Football fans experience dramatic changes in brain activity every time their team scores, wins or loses.
Scientists in Chile scanned the brains of fans watching footage of real match goals and found that emotional ups and downs in football trigger powerful neurological responses within seconds.
When a fan’s team scores, the brain’s reward and pleasure centers activate, releasing feel-good chemicals like dopamine, the same neurotransmitter linked to joy, motivation, and even addiction.
But when their opponents scored, a very different system came into play: regions involved in introspection and emotional processing helped fans rationalize the painful blow.

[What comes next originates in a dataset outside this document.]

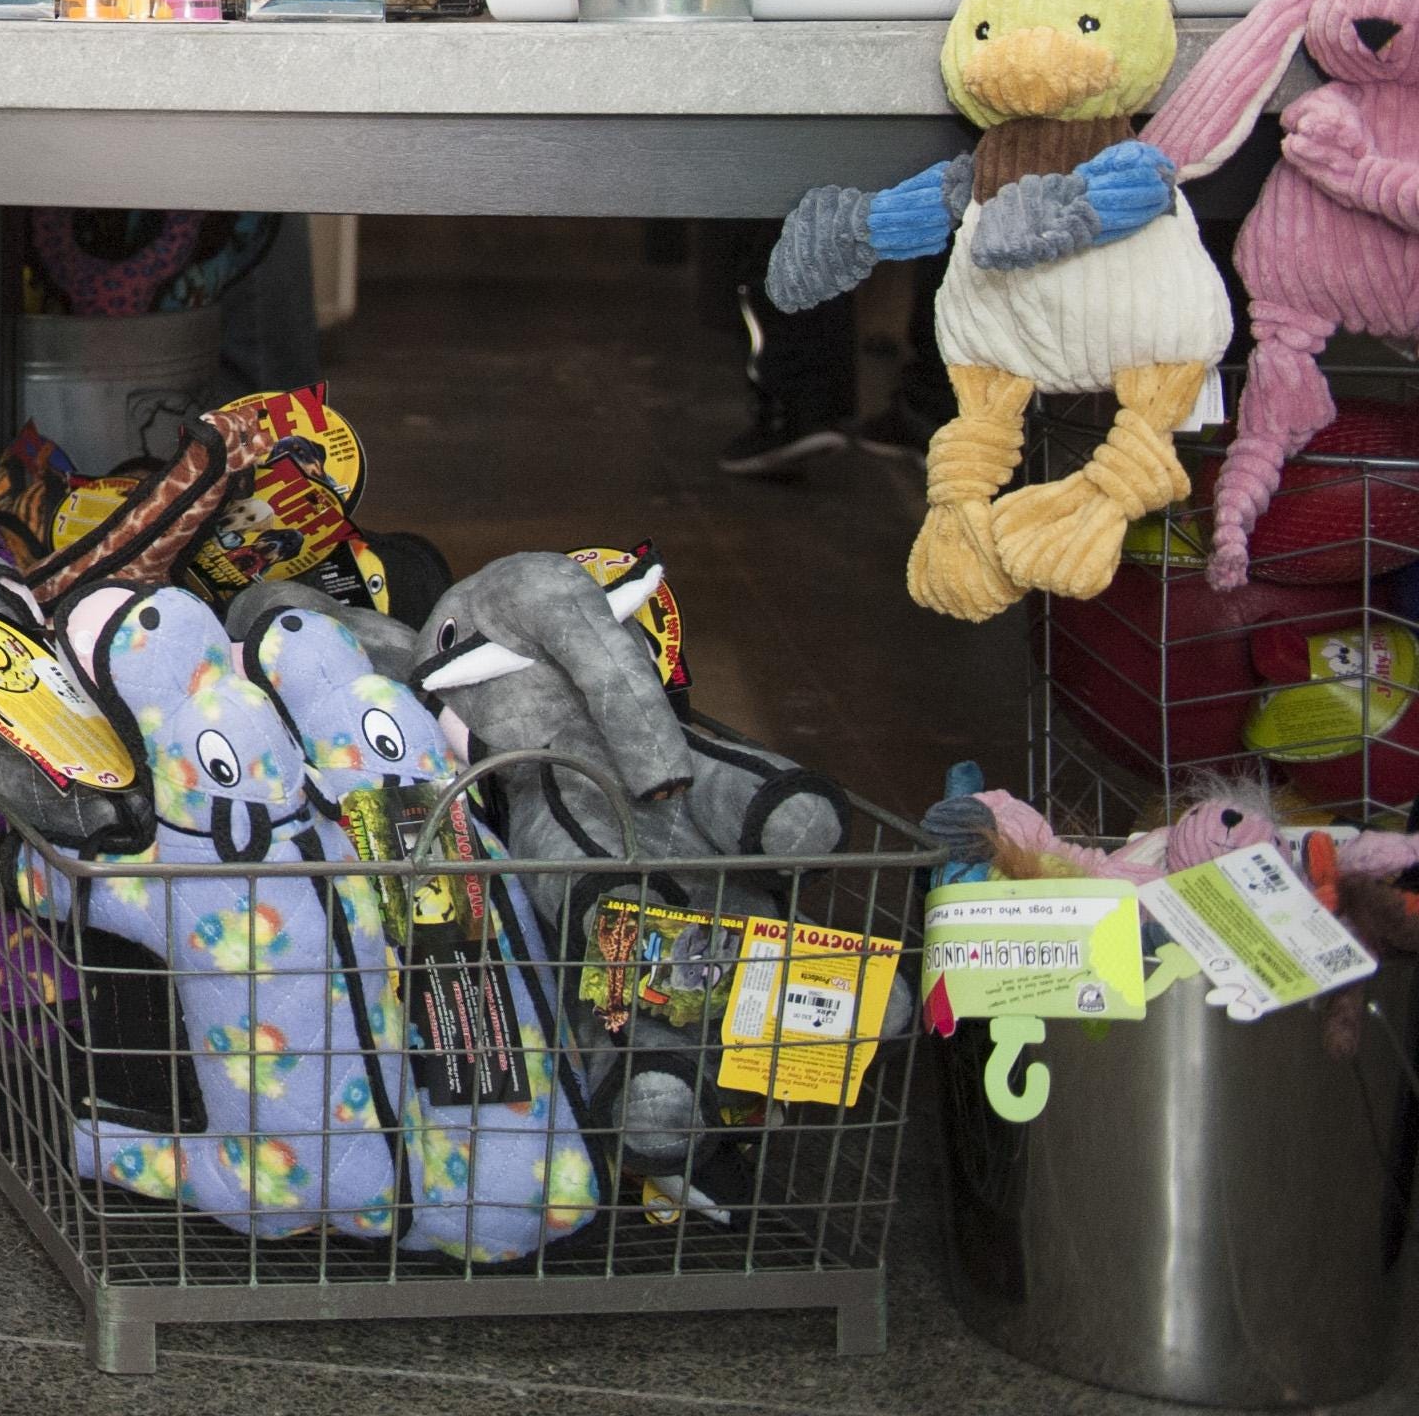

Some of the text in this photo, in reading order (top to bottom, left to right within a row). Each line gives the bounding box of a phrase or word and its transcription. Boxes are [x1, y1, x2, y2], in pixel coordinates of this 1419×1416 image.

[255, 457, 363, 553] TUFFY
[954, 904, 1076, 917] For Dogs Who Love to
[800, 972, 829, 985] Products
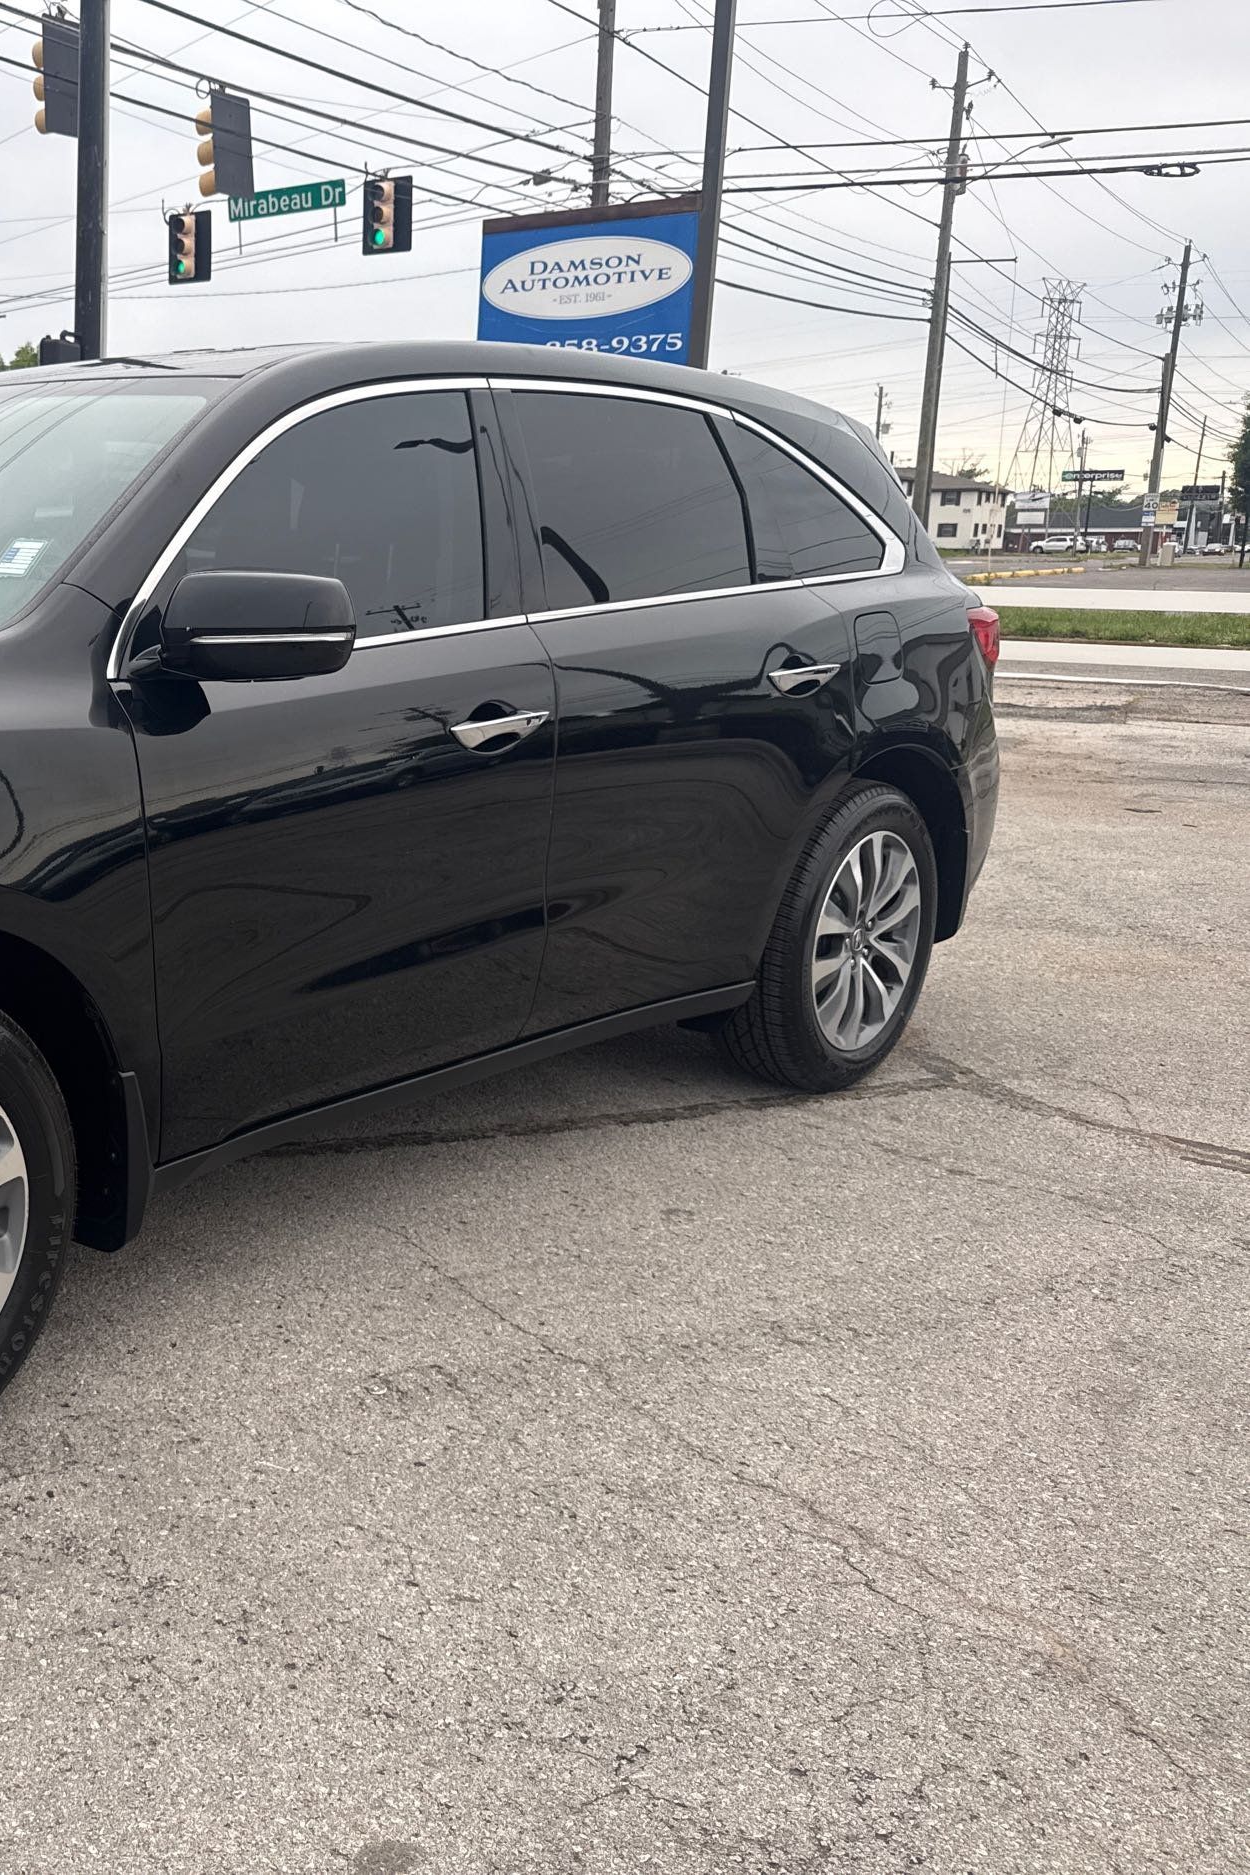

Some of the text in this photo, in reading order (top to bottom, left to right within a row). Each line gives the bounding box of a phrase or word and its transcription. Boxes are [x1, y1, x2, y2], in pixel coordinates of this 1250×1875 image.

In the study, 60 male fans aged 20-45 from Chile’s two arch-rivals, Colo-Colo and Club Universidad de Chile, were monitored using fMRI brain scans as they watched 63 goals from their own team, their rivals and neutral clubs.
Researchers have also explored levels of fanaticism, including affiliation, passion, and even aggressive tendencies.
The more loyal the fan, the more explosive the brain’s response at important match moments.
Lead researcher Francisco Zamorano Mendieta, from Clinica Alemana de Santiago, said: “Deep team attachment influences neural activity. Significant victories activate reward networks in the brain more than victories against unrivaled teams. These networks are formed in childhood.”